- Born: March 16, 1946 Leningrad, USSR
- Died: December 12, 2014 (aged 68) White Swan maximum security prison
- Occupation: ex deputy of Saint Petersburg Legislative Assembly
- Known for: public accusations of Vladimir Putin

= Yury Shutov =

Russian politician

Yury Titovich Shutov (Юрий Титович Шутов, – December 12, 2014) was a Russian politician who is known for collecting incriminating evidence against Vladimir Putin at the time when Putin worked as an aid of the former Saint Petersburg Mayor Anatoly Sobchak. Shutov was convicted to life in prison on criminal charges that have been allegedly fabricated to punish him for making public accusations of Putin.

==Conflict with city administration==
In November 1990 he was an aide to Anatoly Sobchak, Mayor of Leningrad. After being fired, he began collection of evidence about the financial misdeeds by the city administration. He also got a tape with a casual conversation of Sobchak with a French intelligence officer. Putin, who was an aide to Sobchak at this time, decided to intervene. An anti-organized crime unit illegally raided Shutov's apartment and took the tape. When Shutov discovered the "robbers" in his apartment, they broke his skull with a hammer.
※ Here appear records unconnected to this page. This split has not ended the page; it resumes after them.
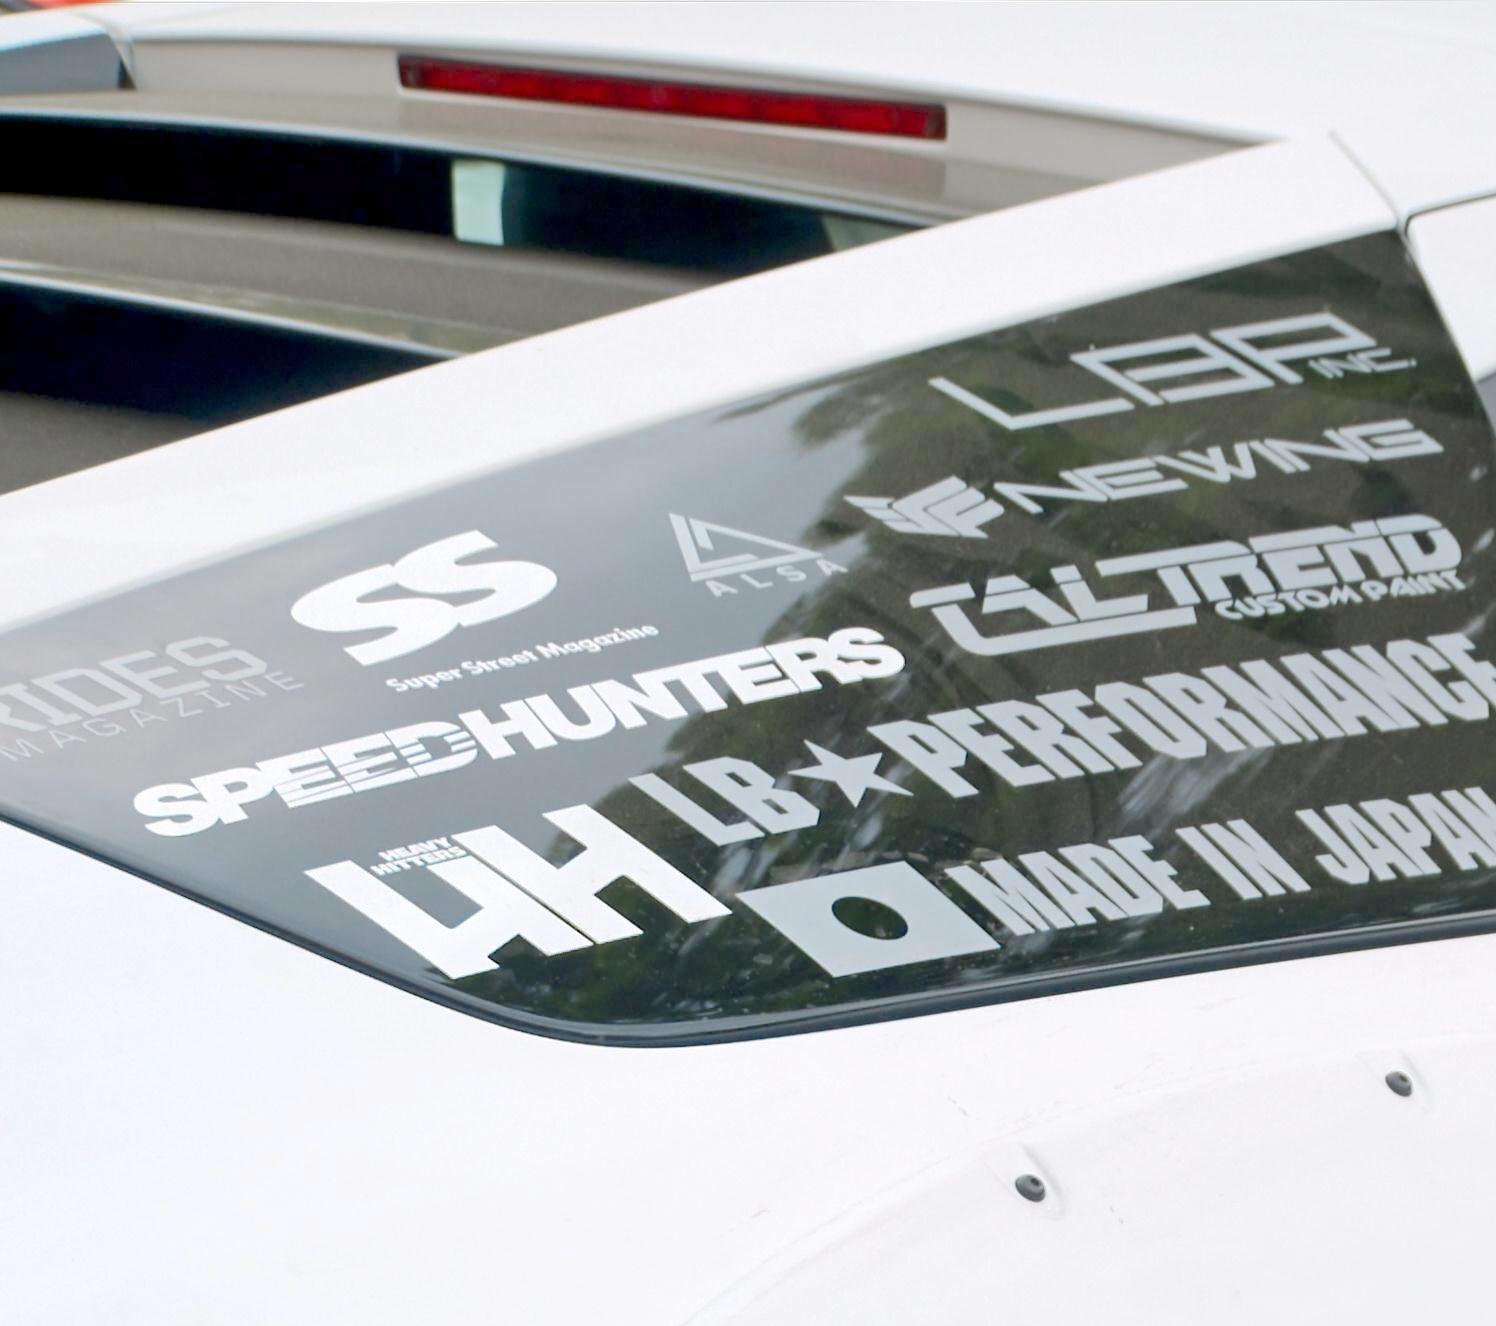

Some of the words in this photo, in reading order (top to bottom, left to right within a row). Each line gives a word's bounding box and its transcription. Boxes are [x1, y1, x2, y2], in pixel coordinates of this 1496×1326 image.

[994, 418, 1443, 515] NEWING
[291, 530, 557, 666] SS
[705, 557, 849, 598] ALSA
[1214, 584, 1364, 620] CUSTOM
[1367, 568, 1467, 603] PAINT
[386, 665, 463, 692] Super
[461, 650, 539, 676] Street
[536, 625, 660, 654] Magazine
[133, 626, 906, 836] SPEEDHUNTERS
[370, 846, 468, 876] HITTERS
[378, 837, 452, 861] HEAVY
[942, 834, 1210, 938] MADE
[1176, 819, 1311, 901] IN
Shutov published a book about his experience of working in the city administration.

==First arrest==
On March 31, 1992, Shutov was arrested on fabricated charges of preparing an assassination of Azerbaijan's president Abulfaz Elchibey. He was released only in 1993 and found not guilty by a court in 1996.

==Accusing Putin after election to city parliament==
On December 20, 1998 Shutov was elected deputy of the Saint Petersburg Legislative Assembly. He alleged in an article that Putin got hold of a file with compromising KGB materials on Sobchak, at the time when Putin worked as the KGB's overseer of Leningrad State University. Putin used this materials to blackmail Sobchak and secure his own appointment in the city administration, according to Shutov.
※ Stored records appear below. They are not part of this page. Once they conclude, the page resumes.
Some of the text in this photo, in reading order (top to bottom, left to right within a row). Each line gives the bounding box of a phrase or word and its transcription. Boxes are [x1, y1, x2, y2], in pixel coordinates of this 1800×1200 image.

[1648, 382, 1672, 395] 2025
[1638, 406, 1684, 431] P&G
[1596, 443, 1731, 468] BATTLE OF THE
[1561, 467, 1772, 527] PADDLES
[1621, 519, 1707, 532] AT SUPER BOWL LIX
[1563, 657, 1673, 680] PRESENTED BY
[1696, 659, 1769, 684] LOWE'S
==Second arrest and abduction from the court room==
On February 16, 1999, Shutov was stripped of parliamentary immunity and arrested on fabricated charges of murdering prominent Russian politicians Mikhail Manevich and Galina Starovoitova. Court found these charges to be unproven and politically motivated, and he was freed directly in the courtroom on November 16. Several minutes later, masked OMON soldiers who arrived from Moscow, burst to the court room, took Shutov to an office in the same building, and severely beat him. He lost an eye and half of his hearing as a result.

==Conviction==
Although the Russian Supreme Court ruled that detention of Shutov was illegal and he was reelected to the Saint Petersburg Legislative Assembly (a city parliament) in 2002, he was shuttled during 7 years between different prisons, and finally sentenced to life imprisonment on February 16, 2006, for organizing murders of businessmen (the charges of murdering Starovoitova were dropped).
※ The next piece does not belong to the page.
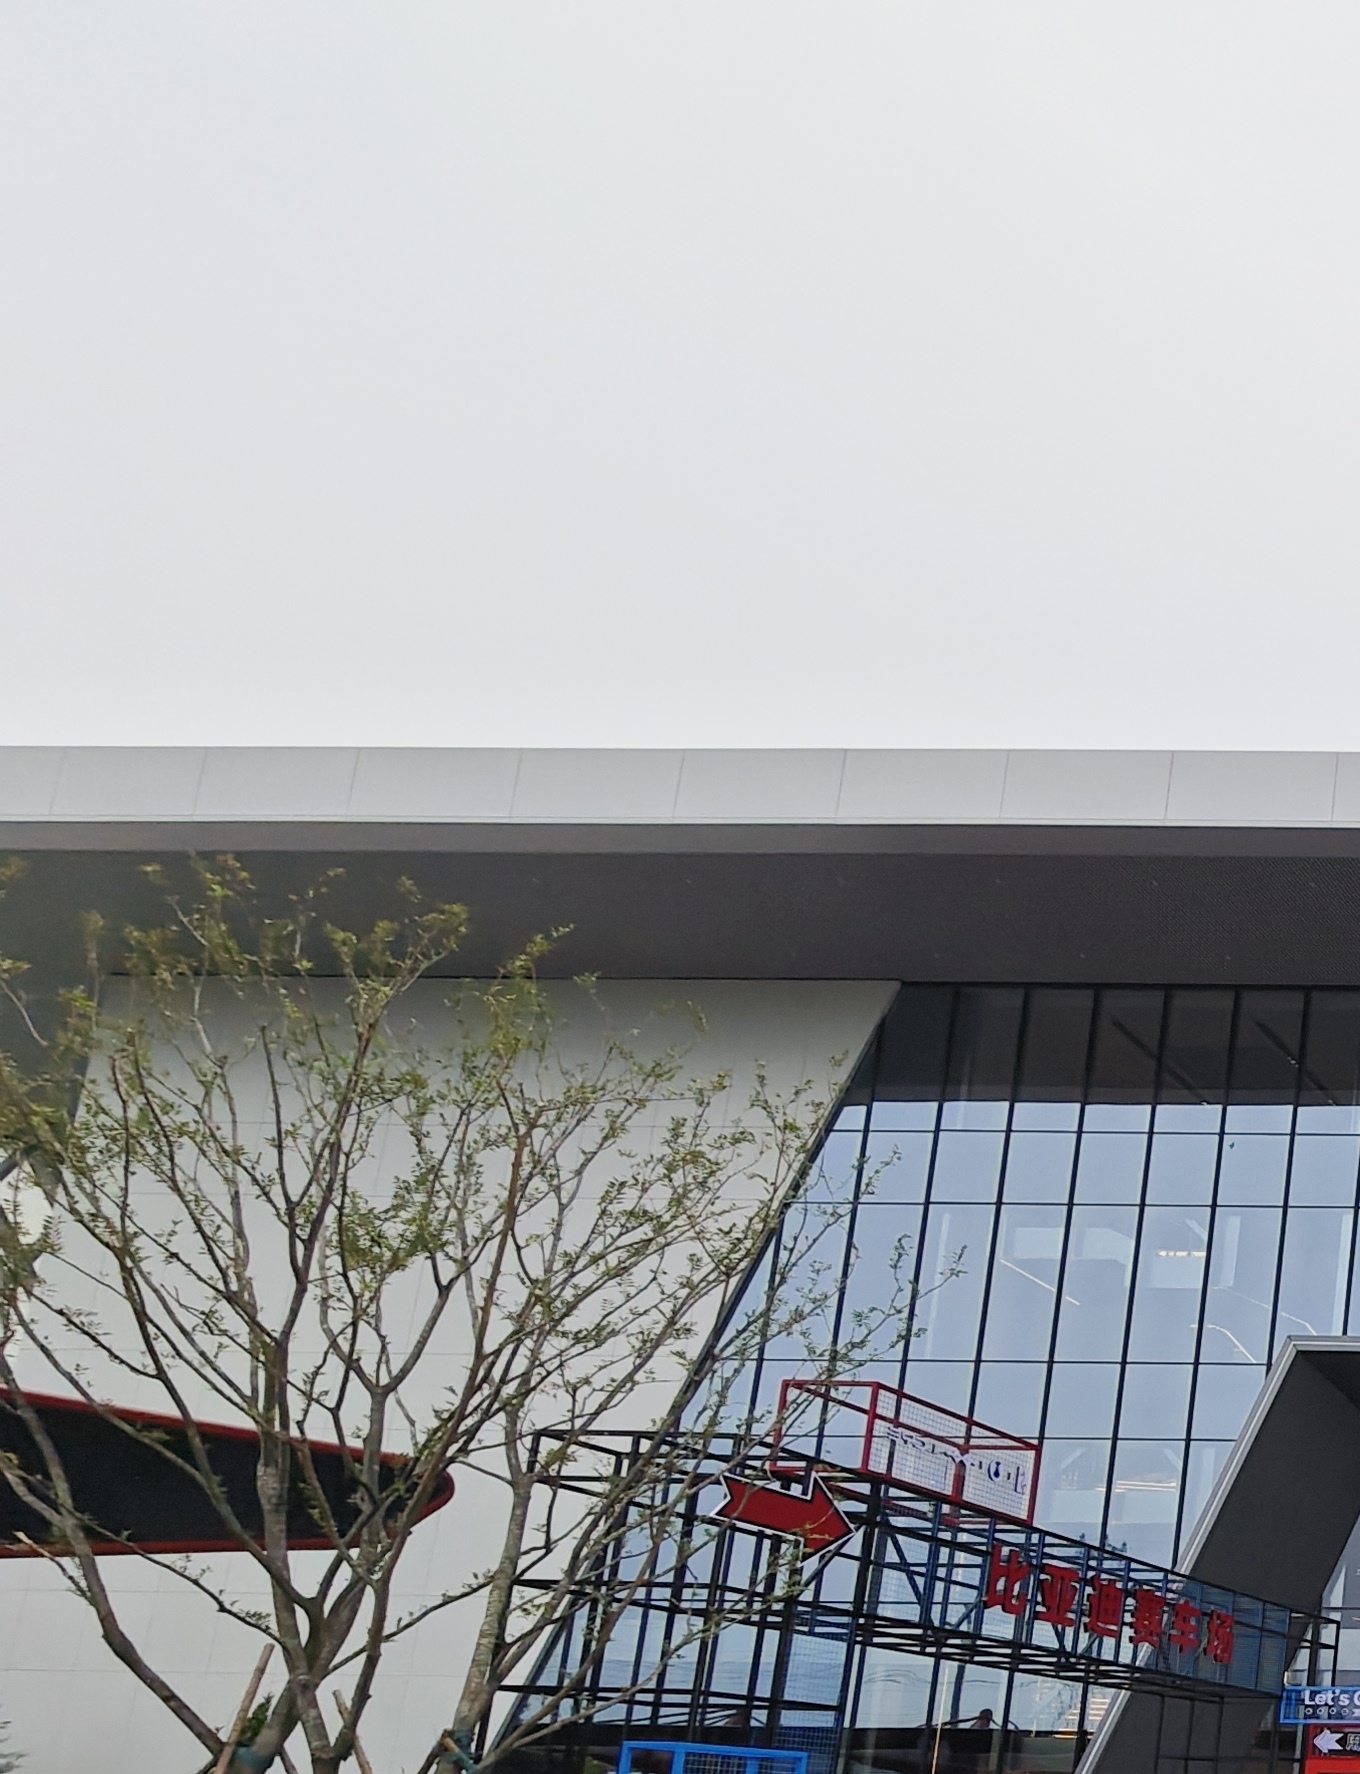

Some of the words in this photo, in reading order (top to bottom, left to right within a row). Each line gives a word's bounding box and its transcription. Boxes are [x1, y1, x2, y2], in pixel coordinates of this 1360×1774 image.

[984, 1541, 1235, 1665] 比亚迪赛车场
[1304, 1689, 1350, 1706] Let's
==Detention and complaints to ECHR==
On January 19, 2007, a medical commission ordered by the prison authorities concluded that the applicant's condition was of medium gravity and did not warrant his release from prison. However, on March 15, 2007 an independent medical commission studied the applicant's medical file and concluded that the State experts had not conducted an adequate medical examination

Shutov served his sentence in White Swan maximal security prison in the Perm Region where he was not provided with a wheelchair and had to move around by crawling. He died in prison on December 12, 2014.

On September 14, 2010, an application No. 20922/08 (Shutov v. Russia) has been communicated to the European Court of Human Rights (ECHR). He complained of lack of adequate medical care throughout his detention and lack of a wheelchair in prison. Also Mr. Shutov alleged that sentencing him to lifetime imprisonment while he was not present in the courtroom amounts to inhuman treatment. He complains of "unlawful composition of the court in view of the lack of the lay judges' credentials and lack of grounds for their participation in the proceedings after abolition of the institution of lay judges in Russia; of lack of public hearing in view of the court proceedings in a remand prison". Mr. Shutov draws attention upon "unfair trial on account of their removal from the courtroom for the entire duration or part of the proceedings". He alleges that his absence from the courtroom was not remedied by the presence of his legal counsel as the court ignored or dismissed his requests, "pressured the counsel by applying for withdrawal of their license, stripped them of all electronic devices crucial for their work and effectively eliminated the possibility to consult with their clients by holding almost daily hearings". He complains under the same provision that the "trial court was biased, ignored his requests, and that the appeal court failed to duly consider his appeals".

Mr. Shutov complaints that "following his removal from the courtroom he was not aware of the charges against him, could not prepare his defence and could not examine the witnesses"; that "he could not defend himself in person because he was not present either at the trial or at the appeal hearing and that the court did not allow him to retain different legal counsels following termination of his contract with the previous ones". He also complains under Article 18 of ECHR that the real reason for his arrest was political persecution.